Judge Larry Anderson heard arguments from both sides, early Friday afternoon. How should Christopher Floyd, the convicted killer in the 1992 murder of country store owner Archie Crawford during a robbery be sentenced? Life without parole or death?

"He's been a prisoner not had any major problems at all, so we believe he can be a productive inmate. If he was given life without parole, he could serve some benefit to the department of corrections," Defense Attorney Patrick Ameson says.

Houston/Henry County District Attorney Doug Valeska disagrees. He says, "In this case, the jury told you in their opinion that he should be sentenced to death, we ask that you on behalf of the family in this case, not to override the verdict the law and evidence call for a death penalty sentence in this case."

And as Selen Caughey, Crawford's youngest daughter gave a tearful testimony, Floyd sat straight faced.

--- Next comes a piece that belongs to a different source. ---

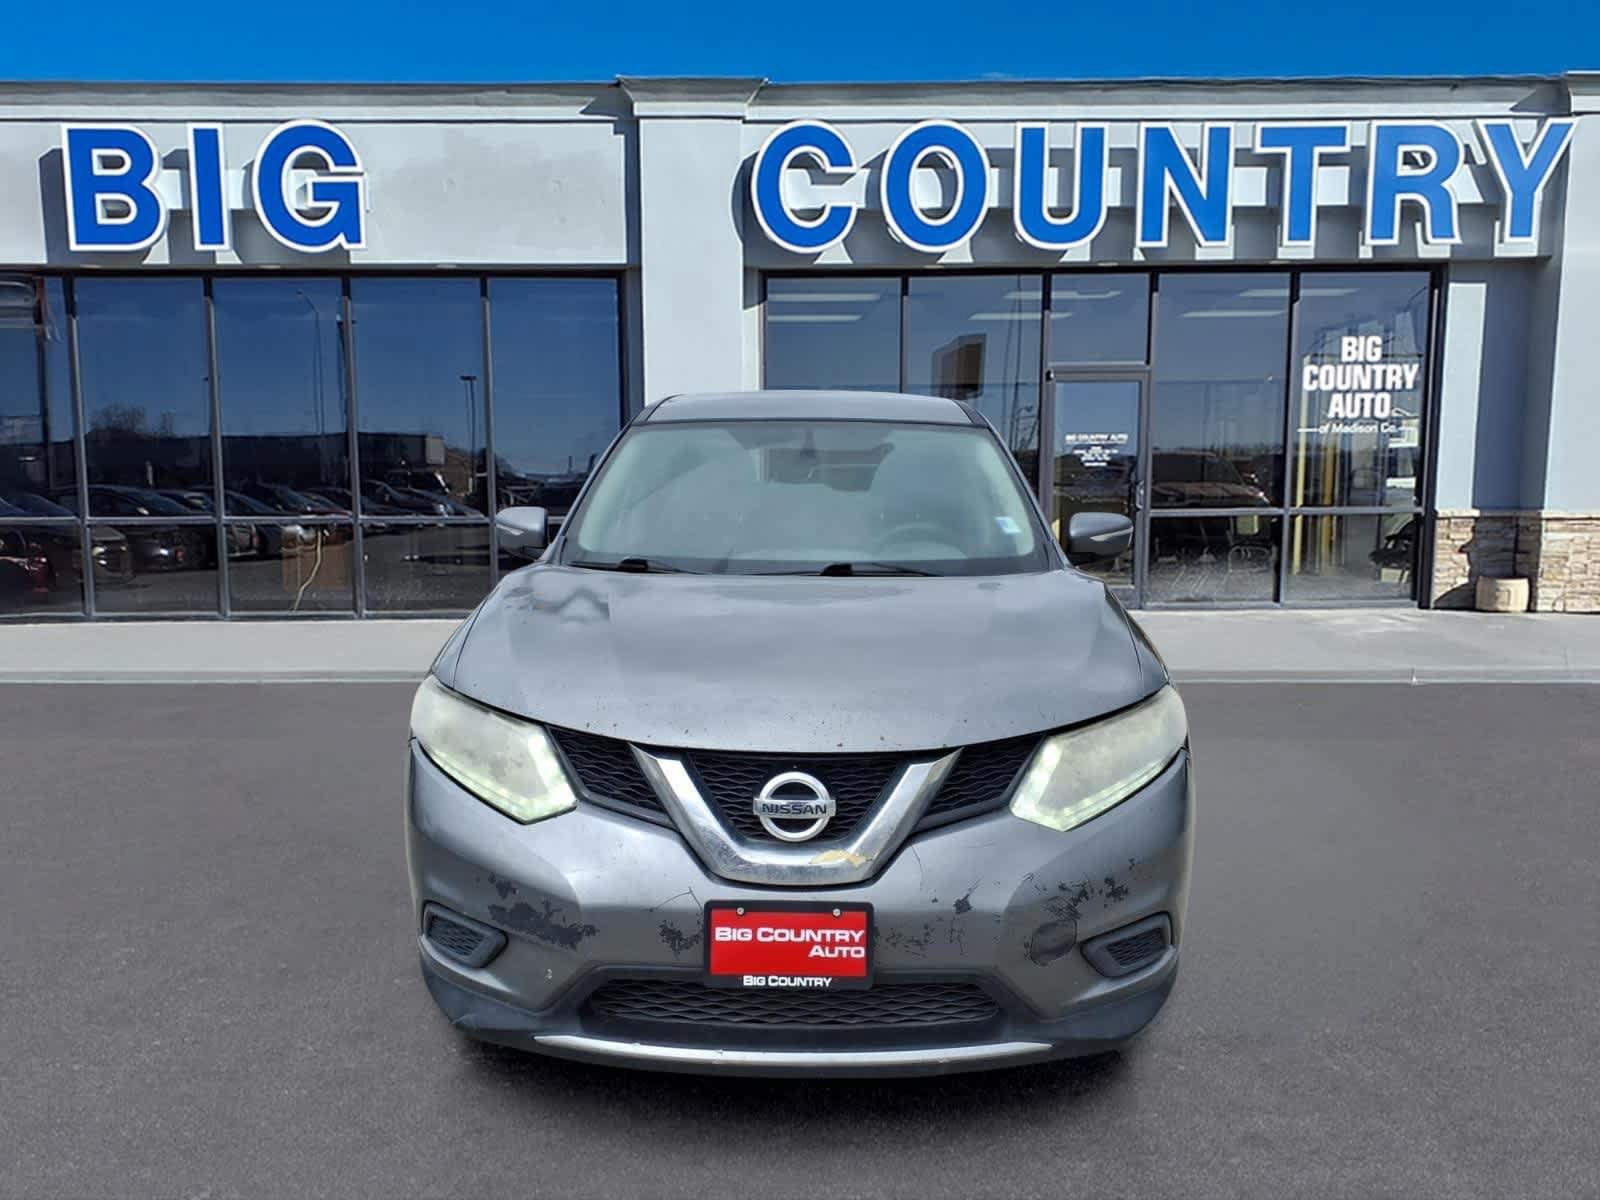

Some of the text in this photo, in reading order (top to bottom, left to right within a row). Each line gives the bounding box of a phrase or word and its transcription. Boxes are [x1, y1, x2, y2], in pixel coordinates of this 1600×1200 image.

"Nor will we be able to say we love him one more time, my house is full of pictures of my daddy not a day goes by that I do not remember him," Caughey says.

After a 15 minute intermission and consideration of both side’s arguments, Judge Anderson issued his ruling.

"It is the judgment of this court that you die by lethal injection."

This probably won't be the last of this story. Earlier this month, Floyd filed a motion for a new trial saying that he's not the killer but knows who is and has a witness who will attest to that.

Police say Floyd has a history with the law. He had already been serving a life sentence for property crimes and even once attempted to escape.

He did not offer an apology during the sentencing.